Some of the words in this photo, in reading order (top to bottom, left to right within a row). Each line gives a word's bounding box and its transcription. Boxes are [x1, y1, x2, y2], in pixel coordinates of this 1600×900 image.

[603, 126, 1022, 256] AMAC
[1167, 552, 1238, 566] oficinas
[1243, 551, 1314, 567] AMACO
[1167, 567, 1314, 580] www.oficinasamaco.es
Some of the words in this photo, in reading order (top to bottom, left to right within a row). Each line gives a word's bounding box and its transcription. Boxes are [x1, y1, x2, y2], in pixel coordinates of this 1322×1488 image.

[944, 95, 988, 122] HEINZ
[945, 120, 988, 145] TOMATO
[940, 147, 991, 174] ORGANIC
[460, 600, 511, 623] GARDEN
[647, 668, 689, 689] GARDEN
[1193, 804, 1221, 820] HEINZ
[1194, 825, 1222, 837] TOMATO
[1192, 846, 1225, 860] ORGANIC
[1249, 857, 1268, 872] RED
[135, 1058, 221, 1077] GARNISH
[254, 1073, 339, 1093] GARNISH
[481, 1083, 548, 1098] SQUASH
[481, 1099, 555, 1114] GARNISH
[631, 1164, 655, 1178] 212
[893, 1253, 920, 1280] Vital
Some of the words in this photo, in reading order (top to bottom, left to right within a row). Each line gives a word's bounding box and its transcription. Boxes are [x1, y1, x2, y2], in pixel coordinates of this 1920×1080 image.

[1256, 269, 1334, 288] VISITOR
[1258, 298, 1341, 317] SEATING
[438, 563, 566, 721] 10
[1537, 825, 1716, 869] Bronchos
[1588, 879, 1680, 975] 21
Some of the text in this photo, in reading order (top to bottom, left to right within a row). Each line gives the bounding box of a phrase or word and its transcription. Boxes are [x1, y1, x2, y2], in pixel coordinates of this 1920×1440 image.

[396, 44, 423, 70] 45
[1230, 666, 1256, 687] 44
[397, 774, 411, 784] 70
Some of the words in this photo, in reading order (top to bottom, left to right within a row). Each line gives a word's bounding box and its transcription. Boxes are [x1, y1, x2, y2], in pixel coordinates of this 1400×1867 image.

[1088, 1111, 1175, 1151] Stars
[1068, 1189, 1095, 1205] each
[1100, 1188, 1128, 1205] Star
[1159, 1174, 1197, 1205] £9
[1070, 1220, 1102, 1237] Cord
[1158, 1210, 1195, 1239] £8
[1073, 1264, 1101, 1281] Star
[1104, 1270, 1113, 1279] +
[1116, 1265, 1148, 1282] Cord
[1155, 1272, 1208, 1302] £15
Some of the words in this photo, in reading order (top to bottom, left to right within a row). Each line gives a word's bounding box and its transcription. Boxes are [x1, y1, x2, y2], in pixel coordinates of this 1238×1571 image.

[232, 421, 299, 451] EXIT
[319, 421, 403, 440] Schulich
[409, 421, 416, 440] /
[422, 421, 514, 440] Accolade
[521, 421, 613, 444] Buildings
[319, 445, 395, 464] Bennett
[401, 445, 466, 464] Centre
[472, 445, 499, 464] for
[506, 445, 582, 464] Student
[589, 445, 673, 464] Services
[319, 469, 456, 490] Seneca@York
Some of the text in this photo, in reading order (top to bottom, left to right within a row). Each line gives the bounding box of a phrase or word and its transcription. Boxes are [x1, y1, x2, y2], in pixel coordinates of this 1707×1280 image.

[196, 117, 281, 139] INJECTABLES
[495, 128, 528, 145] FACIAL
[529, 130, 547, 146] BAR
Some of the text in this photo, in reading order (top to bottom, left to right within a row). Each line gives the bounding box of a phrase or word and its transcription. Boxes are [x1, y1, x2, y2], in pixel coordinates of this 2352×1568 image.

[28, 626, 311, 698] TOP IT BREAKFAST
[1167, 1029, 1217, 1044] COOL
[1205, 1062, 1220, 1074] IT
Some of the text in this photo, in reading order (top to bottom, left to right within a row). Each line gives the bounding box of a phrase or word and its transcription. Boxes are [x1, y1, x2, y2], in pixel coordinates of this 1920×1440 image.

....

From top to bottom, please output the material exactly.

Some of the words in this photo, in reading order (top to bottom, left to right within a row). Each line gives a word's bounding box and its transcription. Boxes are [x1, y1, x2, y2], in pixel coordinates of this 1600×900 image.

[603, 126, 1022, 256] AMAC
[1167, 552, 1238, 566] oficinas
[1243, 551, 1314, 567] AMACO
[1167, 567, 1314, 580] www.oficinasamaco.es
Some of the words in this photo, in reading order (top to bottom, left to right within a row). Each line gives a word's bounding box and its transcription. Boxes are [x1, y1, x2, y2], in pixel coordinates of this 1322×1488 image.

[944, 95, 988, 122] HEINZ
[945, 120, 988, 145] TOMATO
[940, 147, 991, 174] ORGANIC
[460, 600, 511, 623] GARDEN
[647, 668, 689, 689] GARDEN
[1193, 804, 1221, 820] HEINZ
[1194, 825, 1222, 837] TOMATO
[1192, 846, 1225, 860] ORGANIC
[1249, 857, 1268, 872] RED
[135, 1058, 221, 1077] GARNISH
[254, 1073, 339, 1093] GARNISH
[481, 1083, 548, 1098] SQUASH
[481, 1099, 555, 1114] GARNISH
[631, 1164, 655, 1178] 212
[893, 1253, 920, 1280] Vital
Some of the words in this photo, in reading order (top to bottom, left to right within a row). Each line gives a word's bounding box and its transcription. Boxes are [x1, y1, x2, y2], in pixel coordinates of this 1920×1080 image.

[1256, 269, 1334, 288] VISITOR
[1258, 298, 1341, 317] SEATING
[438, 563, 566, 721] 10
[1537, 825, 1716, 869] Bronchos
[1588, 879, 1680, 975] 21
Some of the text in this photo, in reading order (top to bottom, left to right within a row). Each line gives the bounding box of a phrase or word and its transcription. Boxes are [x1, y1, x2, y2], in pixel coordinates of this 1920×1440 image.

[396, 44, 423, 70] 45
[1230, 666, 1256, 687] 44
[397, 774, 411, 784] 70
Some of the words in this photo, in reading order (top to bottom, left to right within a row). Each line gives a word's bounding box and its transcription. Boxes are [x1, y1, x2, y2], in pixel coordinates of this 1400×1867 image.

[1088, 1111, 1175, 1151] Stars
[1068, 1189, 1095, 1205] each
[1100, 1188, 1128, 1205] Star
[1159, 1174, 1197, 1205] £9
[1070, 1220, 1102, 1237] Cord
[1158, 1210, 1195, 1239] £8
[1073, 1264, 1101, 1281] Star
[1104, 1270, 1113, 1279] +
[1116, 1265, 1148, 1282] Cord
[1155, 1272, 1208, 1302] £15
Some of the words in this photo, in reading order (top to bottom, left to right within a row). Each line gives a word's bounding box and its transcription. Boxes are [x1, y1, x2, y2], in pixel coordinates of this 1238×1571 image.

[232, 421, 299, 451] EXIT
[319, 421, 403, 440] Schulich
[409, 421, 416, 440] /
[422, 421, 514, 440] Accolade
[521, 421, 613, 444] Buildings
[319, 445, 395, 464] Bennett
[401, 445, 466, 464] Centre
[472, 445, 499, 464] for
[506, 445, 582, 464] Student
[589, 445, 673, 464] Services
[319, 469, 456, 490] Seneca@York
Some of the text in this photo, in reading order (top to bottom, left to right within a row). Each line gives the bounding box of a phrase or word and its transcription. Boxes are [x1, y1, x2, y2], in pixel coordinates of this 1707×1280 image.

[196, 117, 281, 139] INJECTABLES
[495, 128, 528, 145] FACIAL
[529, 130, 547, 146] BAR
Some of the text in this photo, in reading order (top to bottom, left to right within a row). Each line gives the bounding box of a phrase or word and its transcription. Boxes are [x1, y1, x2, y2], in pixel coordinates of this 2352×1568 image.

[28, 626, 311, 698] TOP IT BREAKFAST
[1167, 1029, 1217, 1044] COOL
[1205, 1062, 1220, 1074] IT
Some of the text in this photo, in reading order (top to bottom, left to right within a row). Each line gives the bounding box of a phrase or word and its transcription. Boxes are [x1, y1, x2, y2], in pixel coordinates of this 1920×1440 image.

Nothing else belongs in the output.